= Beginning of Section =
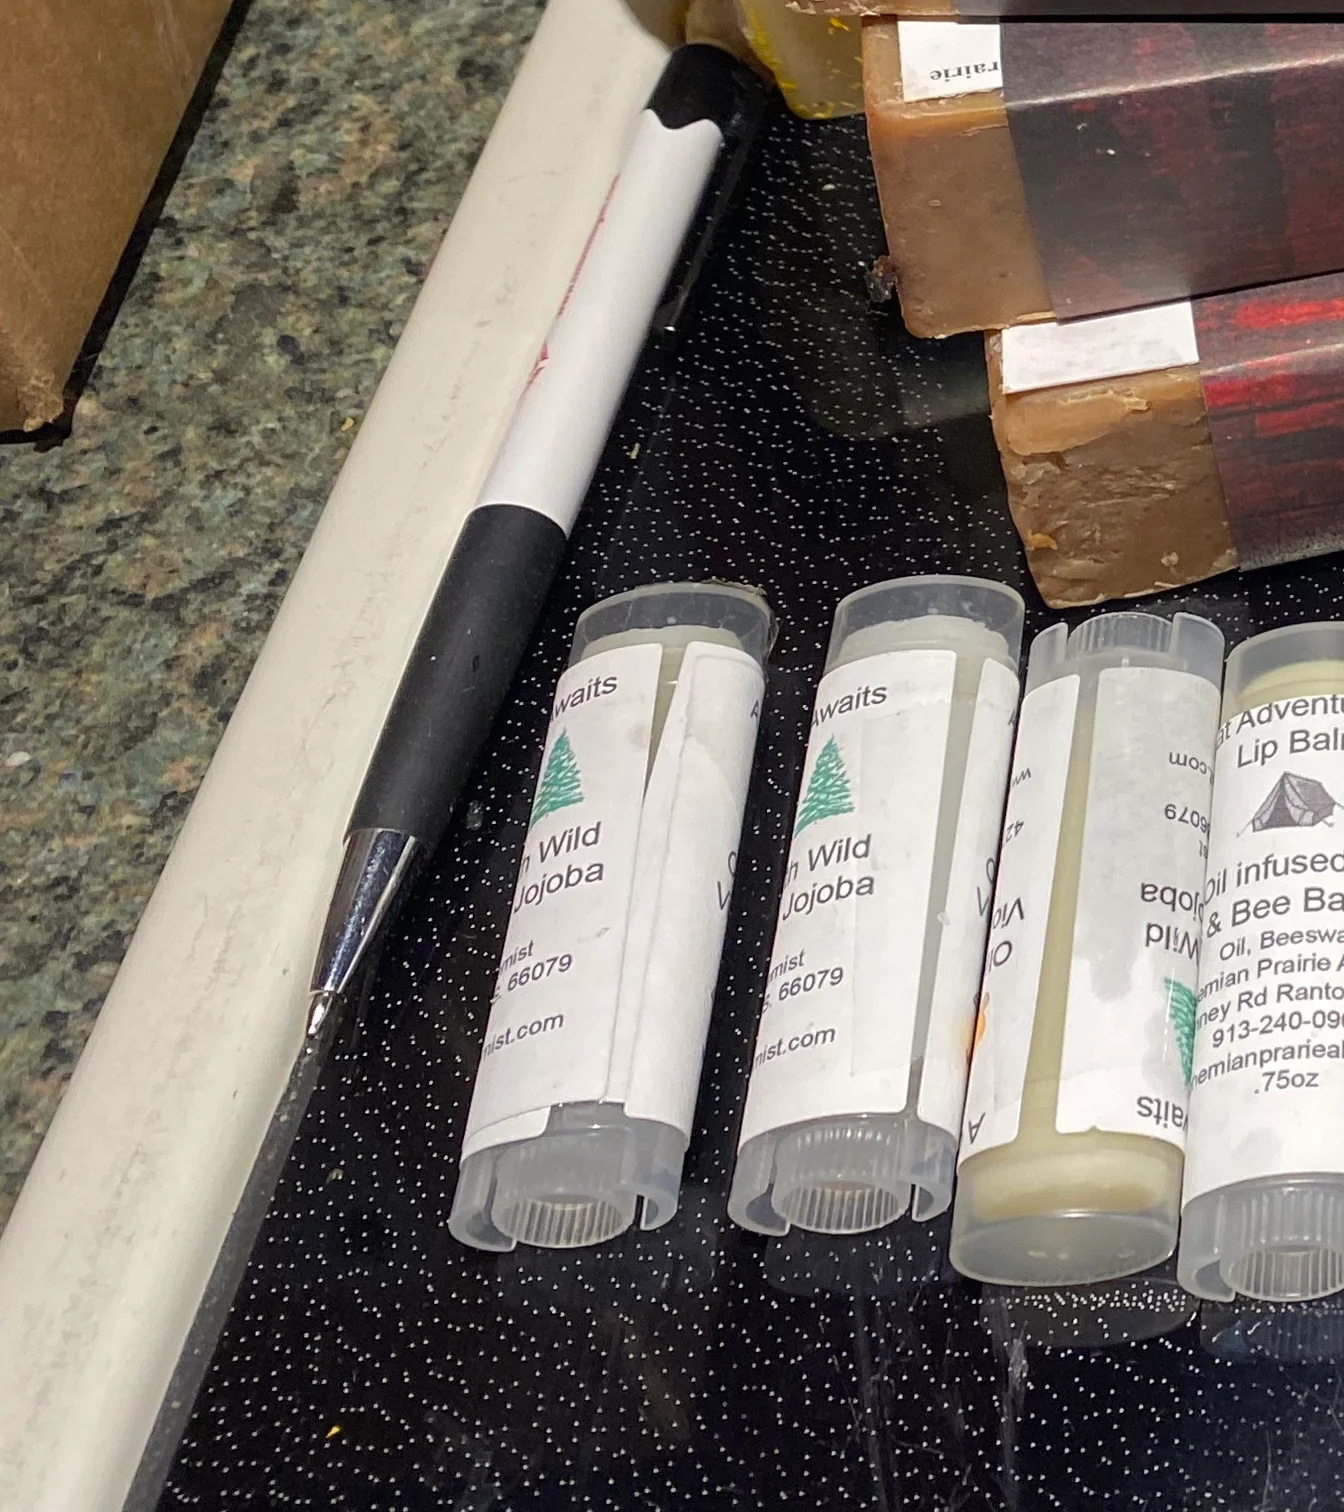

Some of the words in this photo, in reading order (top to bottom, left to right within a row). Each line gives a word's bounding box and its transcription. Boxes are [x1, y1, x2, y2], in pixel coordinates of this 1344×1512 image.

[1237, 738, 1279, 769] Lip
[538, 820, 602, 863] Wild
[807, 833, 873, 872] Wild
[513, 861, 605, 914] Jojoba
[782, 875, 875, 921] Jojoba
[1206, 911, 1222, 938] &
[1231, 893, 1291, 928] Bee
[1145, 922, 1200, 966] Wild
[1219, 936, 1252, 962] Oil,
[507, 952, 573, 992] 66079
[778, 966, 844, 1001] 66079
[1256, 952, 1332, 980] Prairie
[1237, 987, 1268, 1013] Rd
[1253, 1069, 1320, 1095] .75oz
= End of Section =
- [WORK REQUEST]
Would you retype the entries above in full, exactly as written, minus the pictures?

- [WRITTEN SOLUTION]
Some of the words in this photo, in reading order (top to bottom, left to right within a row). Each line gives a word's bounding box and its transcription. Boxes are [x1, y1, x2, y2], in pixel coordinates of this 1344×1512 image.

[1237, 738, 1279, 769] Lip
[538, 820, 602, 863] Wild
[807, 833, 873, 872] Wild
[513, 861, 605, 914] Jojoba
[782, 875, 875, 921] Jojoba
[1206, 911, 1222, 938] &
[1231, 893, 1291, 928] Bee
[1145, 922, 1200, 966] Wild
[1219, 936, 1252, 962] Oil,
[507, 952, 573, 992] 66079
[778, 966, 844, 1001] 66079
[1256, 952, 1332, 980] Prairie
[1237, 987, 1268, 1013] Rd
[1253, 1069, 1320, 1095] .75oz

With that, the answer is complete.